Neste período entre o dia 24 de dezembro, véspera do Natal, e o dia 1º de janeiro, Dia Mundial da Paz ou da Confraternização Universal, as pessoas costumam externar sua gentileza com presentes aos entes queridos, expressar sua solidariedade em doações a crianças ou famílias. Costuma-se, entre os cristãos, abrir o coração para receber o Espírito Natalino, o exemplo de Cristo Jesus, que pode ser bem resumido nas frases "Amai-vos uns aos outros como eu vos amei" e "Não façais aos outros aquilo que não quereis que façam a ti". Então, podemos dizer que o Espírito Natalino é tolerância e compreensão. Já a Confraternização Universal, visando à paz, pressupõe tolerância e busca pela harmonia.
Assim, como de costume e tradição, no apagar das luzes de 2013 participamos de alguns desses encontros, sob o Espírito do Natal e da Confraternização Universal. Nessas festas, mudam as personagens, a trilha sonora, o cenário, mas o roteiro geralmente é o mesmo. Amigos se encontram, sentam-se lado a lado, numa única mesa, ou lado a lado, em mesas separadas. Iguarias à mesa, brindes nos copos, sorrisos nos lábios, alegria no ar, música. Às vezes, há troca de presentes, 'amigo secreto' e um ou outro pronunciamento. Este é o roteiro das confraternizações, encontro de amigos, familiares ou colegas de trabalho, reunidos para celebrar o espírito natalino ou a confraternização universal.

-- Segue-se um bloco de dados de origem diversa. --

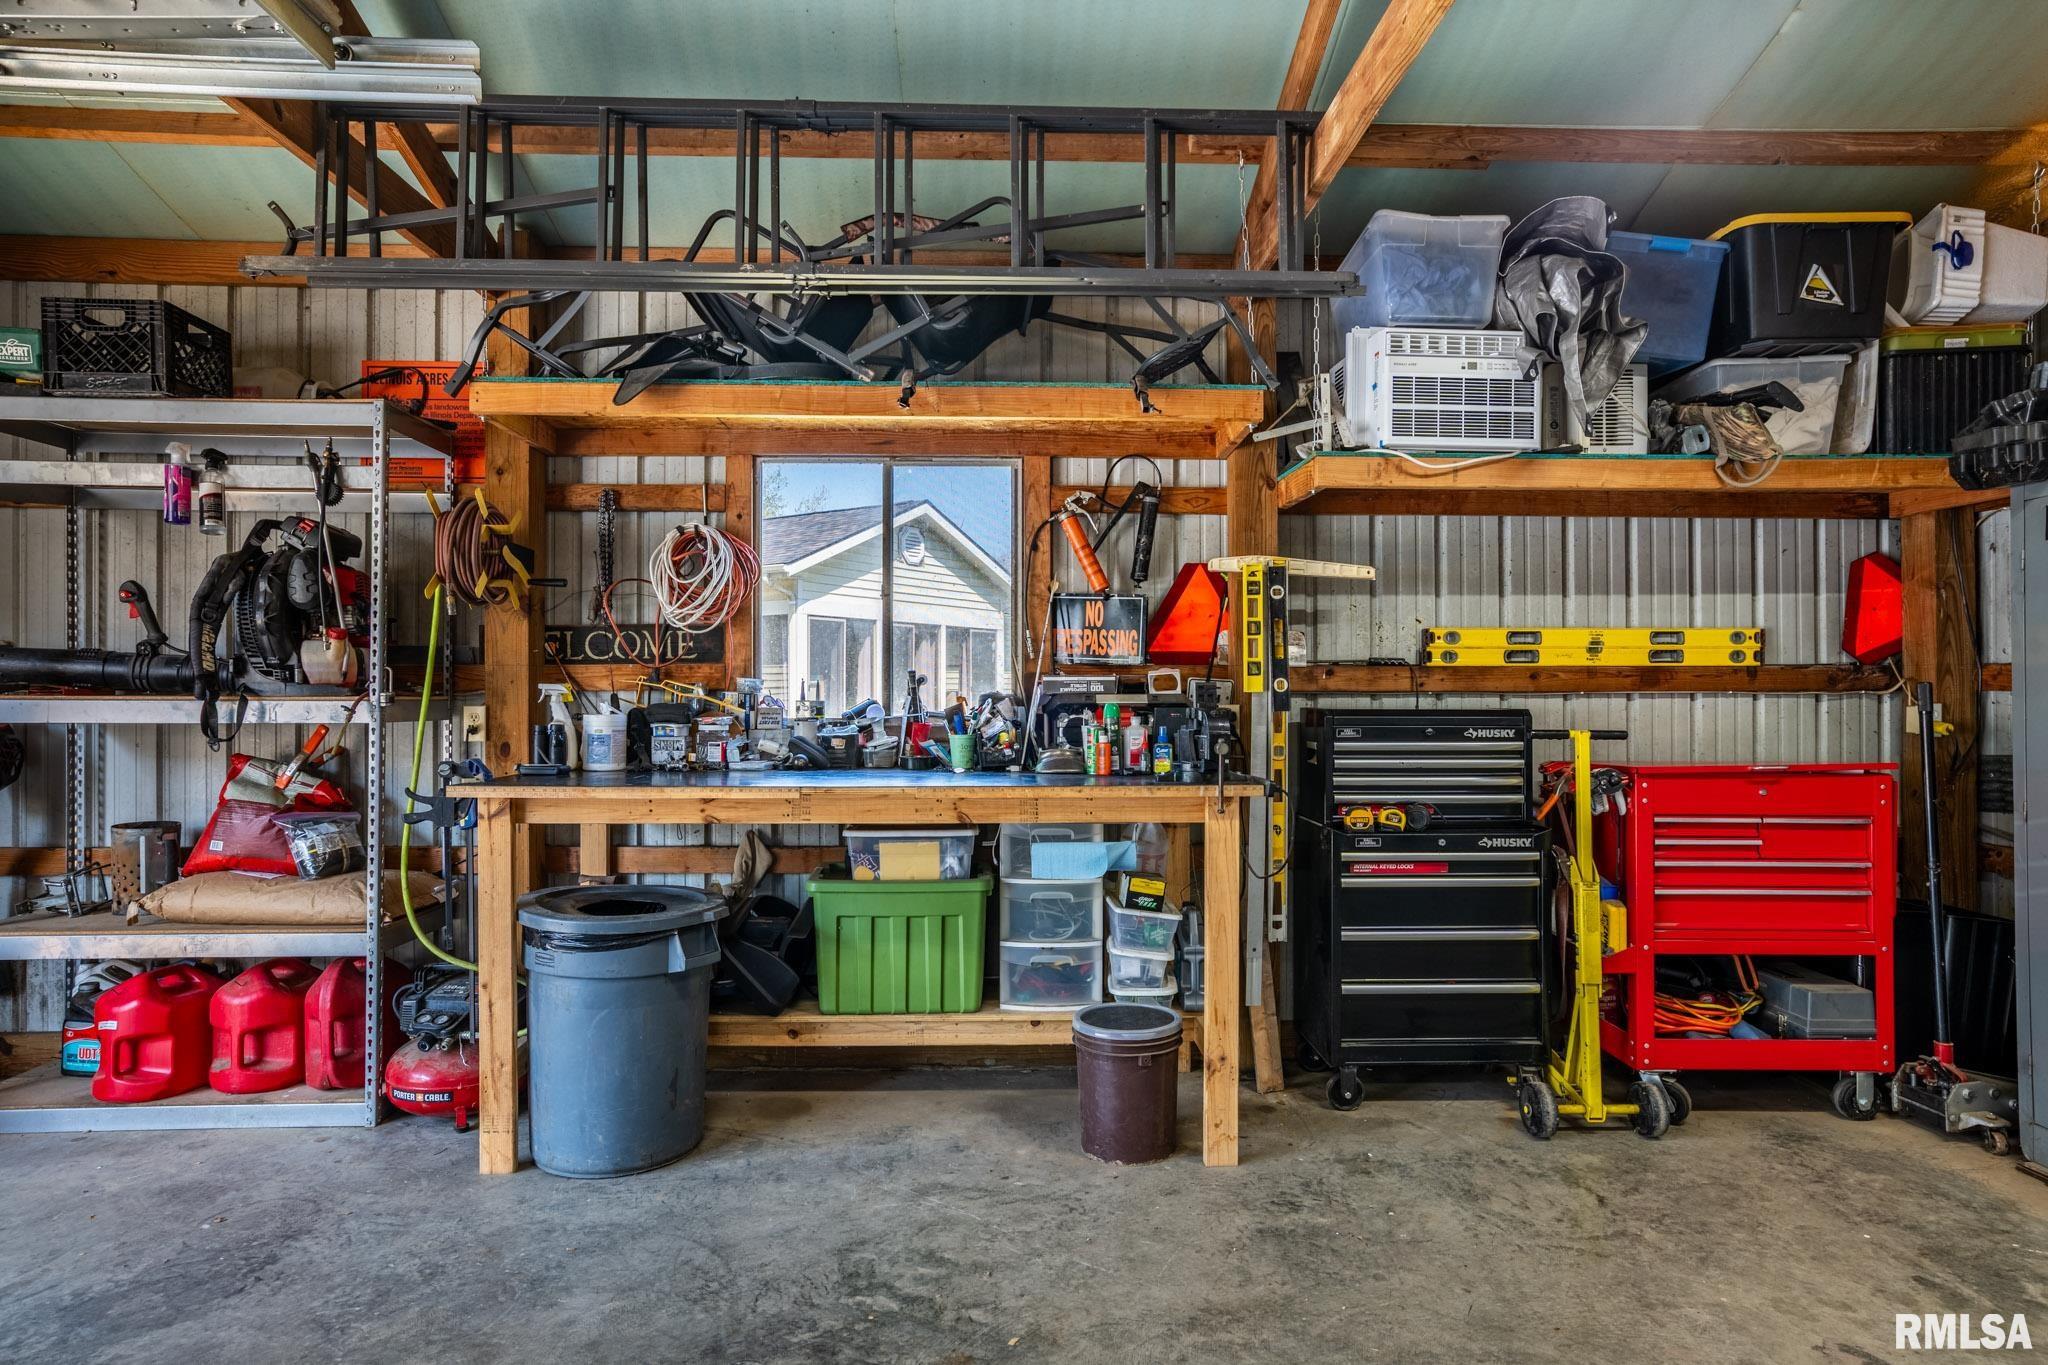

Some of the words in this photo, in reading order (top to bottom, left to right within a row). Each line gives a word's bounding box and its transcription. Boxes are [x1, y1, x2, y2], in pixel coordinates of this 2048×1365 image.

[1085, 600, 1104, 628] NO
[545, 630, 698, 660] ELCOME
[1477, 729, 1516, 737] HUSKY
[1492, 838, 1532, 847] HUSKY
[393, 1089, 415, 1101] PORTER

Entretanto, uma dessas confraternizações fugiu ao roteiro convencional. Não ao roteiro acima descrito: amigos lado a lado, mesas postas, brindes e música, sorrisos nos lábios, alegria no ar. Isso não faltou. Fugiu ao roteiro o encontro por que à festa compareceu um(a) convidado(a) 'diferente', homossexual. Durante toda a festa, o(a) convidado(a) foi observado de soslaio pelos convencionais frequentadores do espaço, entre risinhos de zombaria e olhares de curiosidade e/ou desaprovação. O 'diferente' chama atenção, se sobressai à mesmice. É preciso ter coragem para assumir ser 'diferente' e quem estava ali era, com certeza, uma pessoa corajosa, expondo sua diferença num ambiente radicalmente machista.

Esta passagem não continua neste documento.